To get an overview of the Alarm Manager, start by watching this video.
Alarms and Events
To view alarms, click on events and then select the Suppressed View of the Alarm Manager. The reason why we recommend the suppressed view is because it groups alarms by the element name as opposed to individually listing them.
The alarm manager helps to tell you a few things that have happened with an alarm. You can tell when it first happened and when it last happened. You can tell if it has been acknowledged by someone and if that person has made a comment.
You can click on the blue number on the suppressed view to expand it and see more detail. (Once expanded, the number is green as shown above.)
If you right-click in the row that contains the alarm, a dropdown list will appear. You can select the relevant action from this drop down.
|Acknowledge: Acknowledge will change the status of the event to ACK and will remove the bold emphasis of the text on the event line. Once an alarm status is ACK, there will be no further alarms for this event until the status changes again.|
Defer: See below.
Edit Event: Edit Event will display a pop-up. This allows you to change some of the parameters of the event.
Set Status: See below.
Open in Troubleshooter: Clicking here will open the graphs associated with the event in the Iris TroubleShooter.

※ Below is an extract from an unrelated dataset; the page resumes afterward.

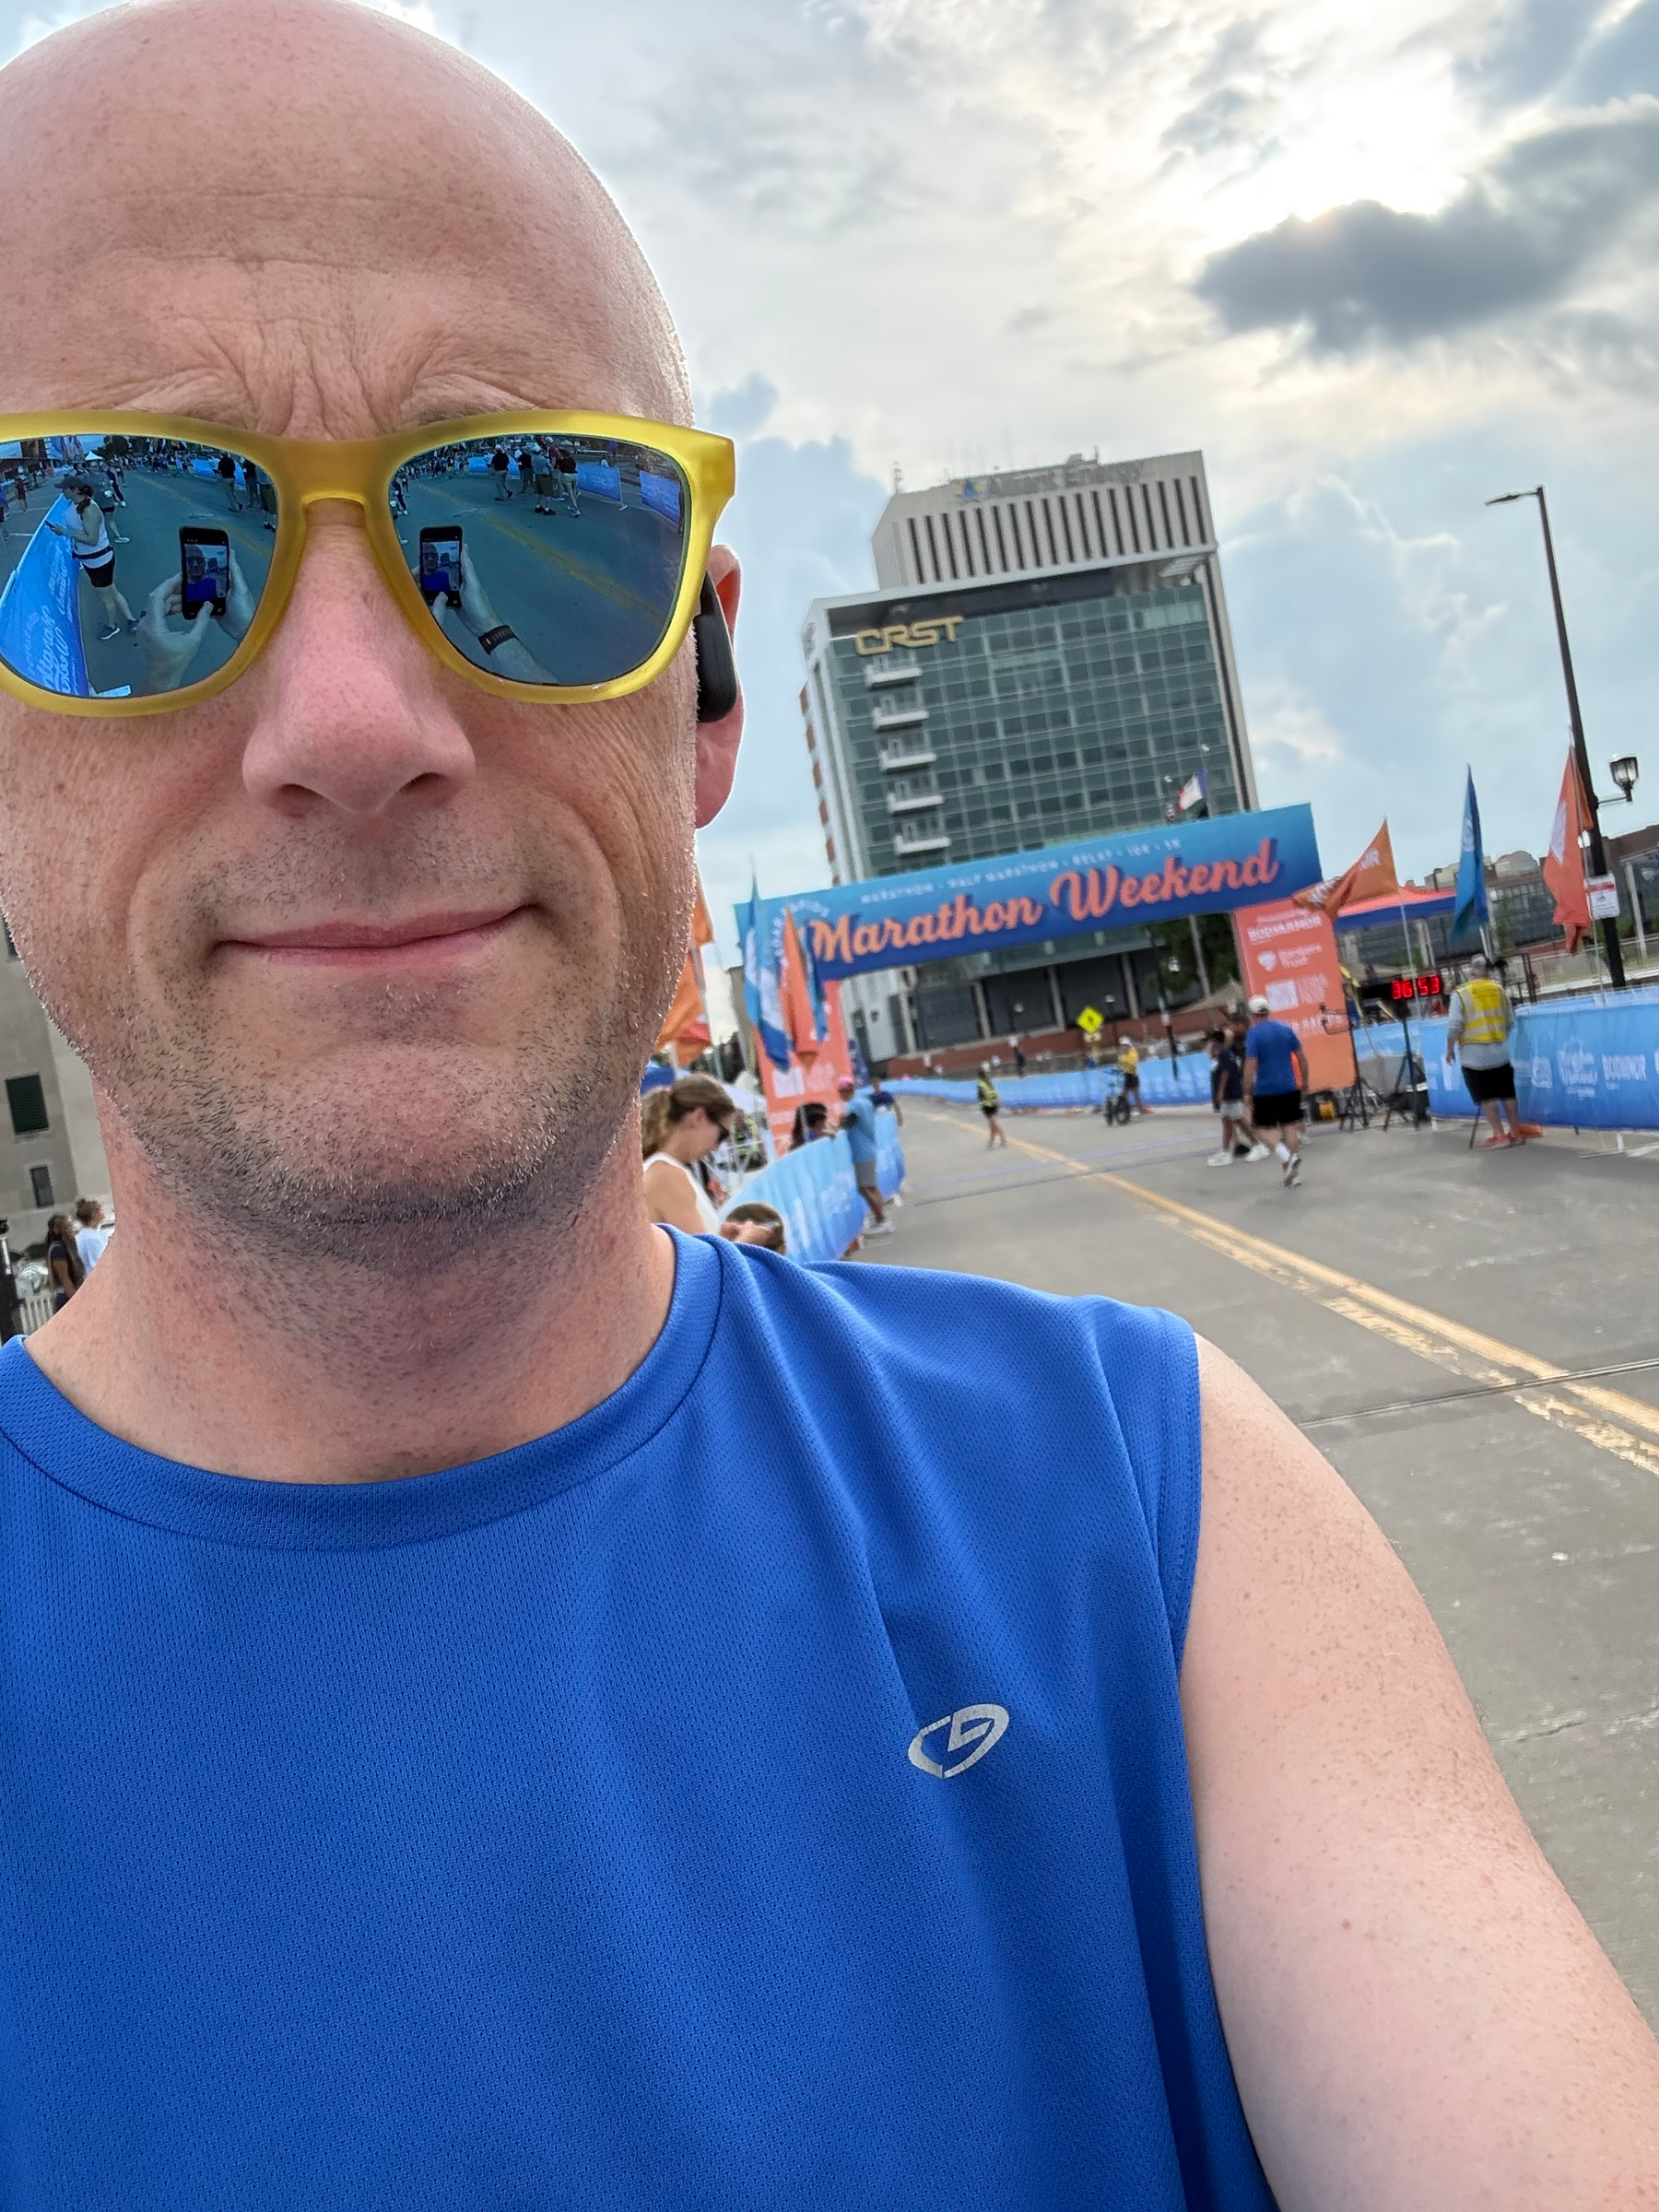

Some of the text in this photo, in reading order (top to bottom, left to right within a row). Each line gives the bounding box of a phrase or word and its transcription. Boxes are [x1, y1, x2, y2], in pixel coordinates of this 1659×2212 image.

Check Ping: If the event has an IP number in the DETAIL column, you can perform a ping from the view.
Check Traceroute: If the event has an IP number in the DETAIL column, you can perform a Traceroute from the view.
Check Interface: If the event has an IP number in the DETAIL column, and Config Backup is enabled, the output of a “show interface” will be returned.
If a device or element is going to be down for a very long time and you don’t want it to keep appearing in the alarm manager, you can defer it. Should this alarm clear, it will automatically undefer.
There are four different time periods that you can select when deferring an alarm:
You are able to set the status of the element.
You can add comments in the comments column for every status that you set. This could include the name of the person who is responsible for this element.
If you type text into the fields, that will filter the information that you would like to see.
pe1 typed into the Element Name field will bring up all the elements’ names that start with pe1.
The bar at the top of the page also has several functions. Let’s have a quick look at these in order from left to right.
- The eye icon allows you to hide or show deleted alarms.
- To clear all the filters, click on the filter icon.
- If you select Edit Alarm, a pop-up will be displayed. The fields that you won’t be able to edit will be greyed out as you can see here. All fields that you can edit will be white. You can also change the status of the device here.
- You can select the types of alarms you would like to view by clicking on the dropdown list.
- You can show and hide different columns in your view.
- The page refreshes every 30 seconds. This can be adjusted.
- You can also export this list of alarms to CSV.
As with everything, it is best to get using the alarm manager to figure it out. Click around until you get it set up according to your needs and the needs of your customers.
Alarms and severity
One of the key concepts in Iris is that this system is status-based. This means that a particular element has one or more alarms associated with it. Each of these alarms has a severity associated with it. The severity can range from clear, which means that there is no problem, to warning, error, critical, and finally down, which is the most severe.
Each element in Iris, may have multiple alarms associated with it and each of these can be in various states. The state of the element is determined by the worst severity.
If, for some reason, the element has no alarms associated with it, even if clear, then the state of the element is said to be unknown.
Alarms being associated with an element simply means that it is being monitored. And the majority of the alarms are clear and not actual issues. Only alarms which have a severity of warning and above, actually appear in the alarm manager. However, it is possible to show the clear alarms, as it is sometimes useful to know whether an element is being monitored or not.
Usually when we talk about alarms, in every day terms though, we mean alarms of warning severity and above. See the example below.
Alarms vs events
It is important to differentiate between alarms and events in Iris.
Alarms refer to a current state whereas events refer to something that happened at a specific time. For example, if an interface went down and then came up again, the current state would be clear but there would two events indicating that the state changed twice.
As you can see, the alarm state is on the top. Every time the state changes, an event is logged.
Events, just like alarms, also have severities which correspond almost exactly the same as with the alarm severities. CLEAR is sometimes referred to as INFO as well. And, there is a log and debug severity which is used to just log information that is not relevant to a state change.
Here are some examples of events from the event log.
How alarms are generated
There are 3 main sub-systems which generate events in Iris.
1. Active Monitoring: these include ICMP monitoring, SNMP status monitoring and TCP port monitoring
2. Syslogs and SNMP traps which come directly from devices
3. Thresholds: which breach on graph data values
First failure is warning, then critical and the third and subsequent failures are all down.
Search Event Logs
All activity within Iris is logged within the event logs. You are able to search the event logs in Iris. You can also filter the logs to view the information that you specifically want.
On the Search Events page, you can search through the event logs according to time, element name, status, security or description. You can also add or delete columns to help filter the information that you are looking for. Clicking on the blue arrow exports the logs for reporting purposes.